Prediction of Raman signatures, electronic structure, and ion transport mechanisms in Nb2C and Nb2CO2 MXenes for Li/Na-ion batteries: An Ab Initio study

We employ density functional theory (DFT) to examine the vibrational, electronic, and ion transport properties of Nb₂C and Nb₂CO₂ MXenes as potential anode materials for lithium-ion and sodium-ion batteries. For the first time, we simulate the Raman spectra of pristine and Li/Na-intercalated Nb₂C, as well as Nb₂CO₂, to evaluate structural response and its correlation with charge transfer. The predicted Raman modes reproduce known experimental peaks in Nb₂C, persistent upon intercalation. Raman peak positions remain unchanged with ion insertion indicating minimal structural distortion. We observed variations in peak intensities indicating modifications in polarizability due to charge transfer and altered electron phonon coupling.

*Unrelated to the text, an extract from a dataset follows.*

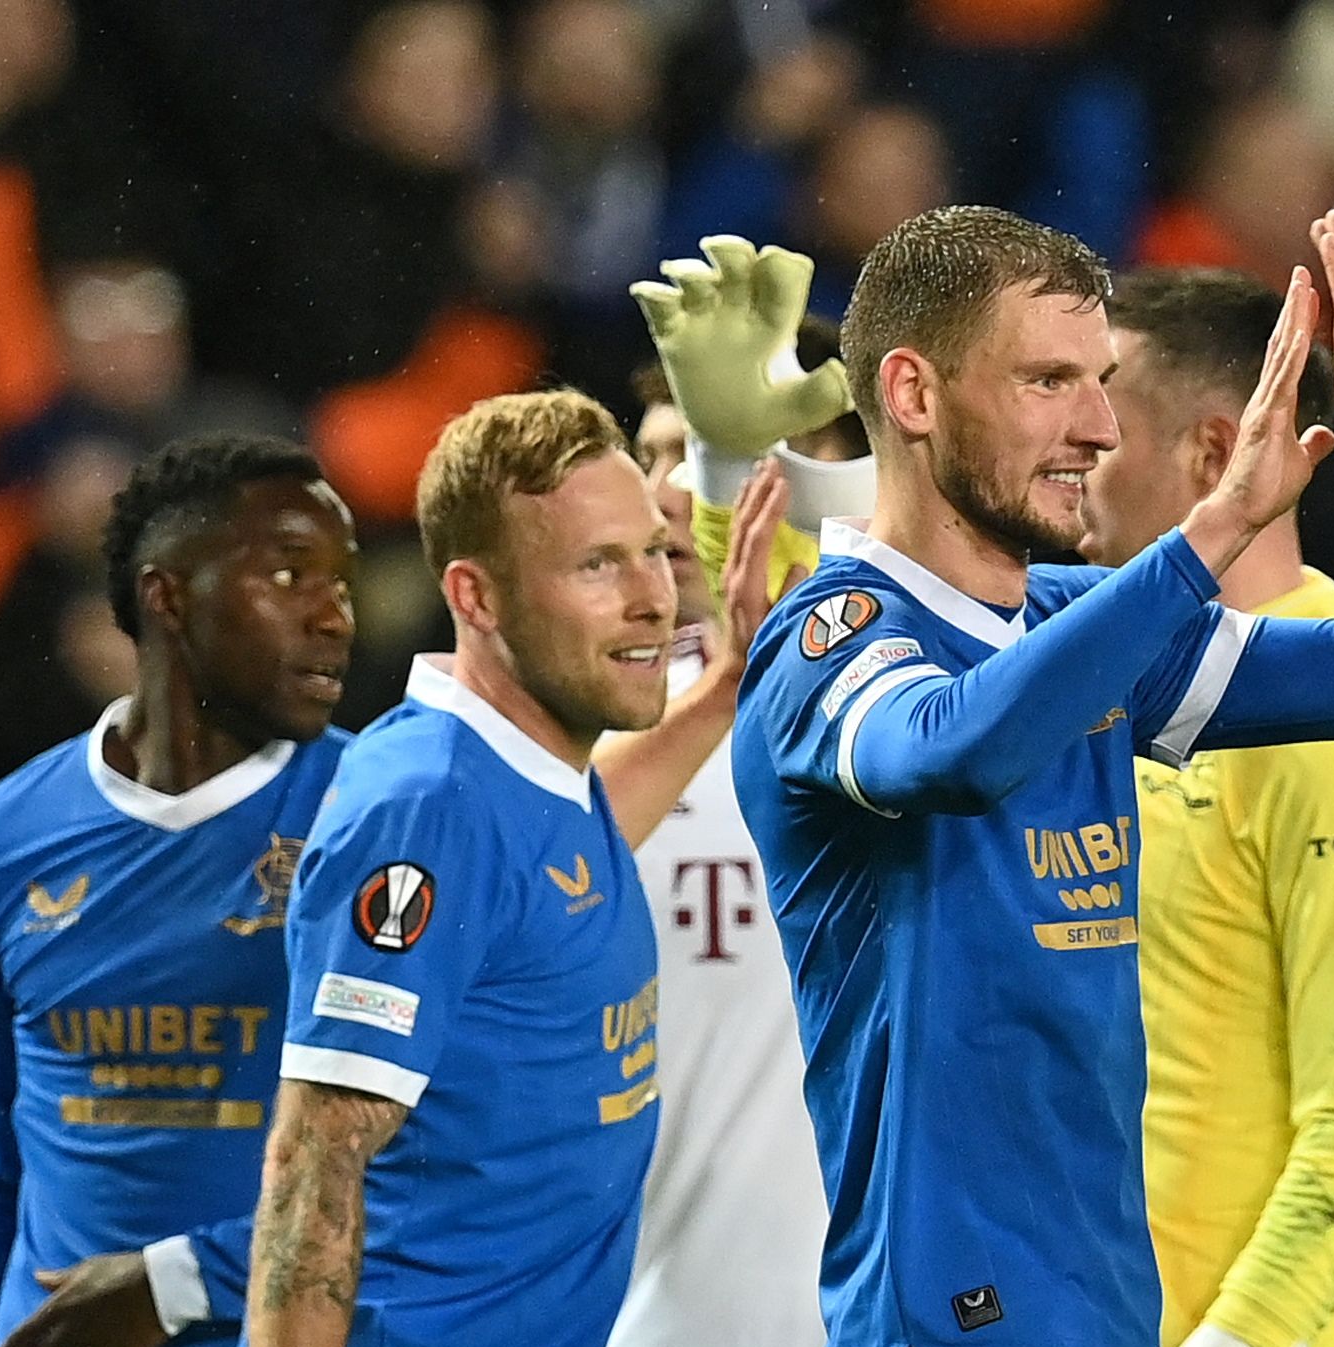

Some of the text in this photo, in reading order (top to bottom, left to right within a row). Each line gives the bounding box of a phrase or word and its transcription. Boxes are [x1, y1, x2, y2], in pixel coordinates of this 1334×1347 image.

[1024, 816, 1131, 879] UNIBT
[1066, 925, 1120, 943] SET YOU
[49, 1005, 269, 1054] UNIBET

Our analysis confirms that both MXenes retain metallic conductivity after intercalation, ensuring efficient electron transport. Adsorption energy calculations identify the T4 and H3 sites as favorable for Li/Na, with Nb₂CO₂ exhibiting stronger binding due to surface oxygen terminations. Diffusion barrier analysis reveals enhanced ion mobility in Nb₂C, particularly for Na ions, while Nb₂CO₂ delivers higher open-circuit voltage and stronger ion retention.

This study demonstrates the utility of Raman spectroscopy, coupled with first-principles simulations, as a predictive tool for probing structural and electronic behavior in energy materials. Our findings position Nb₂C for fast-charging applications and Nb₂CO₂ for high-energy-density systems.